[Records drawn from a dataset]
■ ■ ■

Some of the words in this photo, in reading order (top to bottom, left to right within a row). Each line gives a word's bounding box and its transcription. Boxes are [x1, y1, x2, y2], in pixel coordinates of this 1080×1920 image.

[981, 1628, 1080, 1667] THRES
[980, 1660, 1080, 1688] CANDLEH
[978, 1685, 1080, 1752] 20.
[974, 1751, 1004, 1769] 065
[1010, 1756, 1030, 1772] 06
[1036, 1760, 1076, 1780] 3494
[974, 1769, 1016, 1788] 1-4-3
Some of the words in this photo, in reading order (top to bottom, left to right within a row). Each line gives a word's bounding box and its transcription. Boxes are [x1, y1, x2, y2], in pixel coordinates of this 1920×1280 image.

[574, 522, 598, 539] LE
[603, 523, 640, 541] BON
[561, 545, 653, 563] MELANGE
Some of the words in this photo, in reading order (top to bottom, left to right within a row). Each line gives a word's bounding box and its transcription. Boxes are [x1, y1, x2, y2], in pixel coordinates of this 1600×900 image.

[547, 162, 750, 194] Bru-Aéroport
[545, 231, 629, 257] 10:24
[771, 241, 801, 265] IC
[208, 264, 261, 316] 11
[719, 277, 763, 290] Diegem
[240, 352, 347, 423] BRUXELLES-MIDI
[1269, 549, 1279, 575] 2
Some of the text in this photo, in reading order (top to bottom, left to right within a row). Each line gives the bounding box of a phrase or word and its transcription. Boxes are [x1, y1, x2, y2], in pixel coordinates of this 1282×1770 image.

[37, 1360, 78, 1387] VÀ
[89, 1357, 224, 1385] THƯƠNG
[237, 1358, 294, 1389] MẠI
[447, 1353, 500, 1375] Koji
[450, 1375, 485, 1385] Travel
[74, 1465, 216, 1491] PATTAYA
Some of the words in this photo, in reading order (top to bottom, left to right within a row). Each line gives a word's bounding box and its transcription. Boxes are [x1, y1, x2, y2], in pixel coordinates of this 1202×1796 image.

■ ■ ■

_What the task requires_: Repeat only the lines starting at the one that contains "this 1920×1280 image." and ending at the last line above, exactly as written.

_The completed task_:
Some of the words in this photo, in reading order (top to bottom, left to right within a row). Each line gives a word's bounding box and its transcription. Boxes are [x1, y1, x2, y2], in pixel coordinates of this 1920×1280 image.

[574, 522, 598, 539] LE
[603, 523, 640, 541] BON
[561, 545, 653, 563] MELANGE
Some of the words in this photo, in reading order (top to bottom, left to right within a row). Each line gives a word's bounding box and its transcription. Boxes are [x1, y1, x2, y2], in pixel coordinates of this 1600×900 image.

[547, 162, 750, 194] Bru-Aéroport
[545, 231, 629, 257] 10:24
[771, 241, 801, 265] IC
[208, 264, 261, 316] 11
[719, 277, 763, 290] Diegem
[240, 352, 347, 423] BRUXELLES-MIDI
[1269, 549, 1279, 575] 2
Some of the text in this photo, in reading order (top to bottom, left to right within a row). Each line gives the bounding box of a phrase or word and its transcription. Boxes are [x1, y1, x2, y2], in pixel coordinates of this 1282×1770 image.

[37, 1360, 78, 1387] VÀ
[89, 1357, 224, 1385] THƯƠNG
[237, 1358, 294, 1389] MẠI
[447, 1353, 500, 1375] Koji
[450, 1375, 485, 1385] Travel
[74, 1465, 216, 1491] PATTAYA
Some of the words in this photo, in reading order (top to bottom, left to right within a row). Each line gives a word's bounding box and its transcription. Boxes are [x1, y1, x2, y2], in pixel coordinates of this 1202×1796 image.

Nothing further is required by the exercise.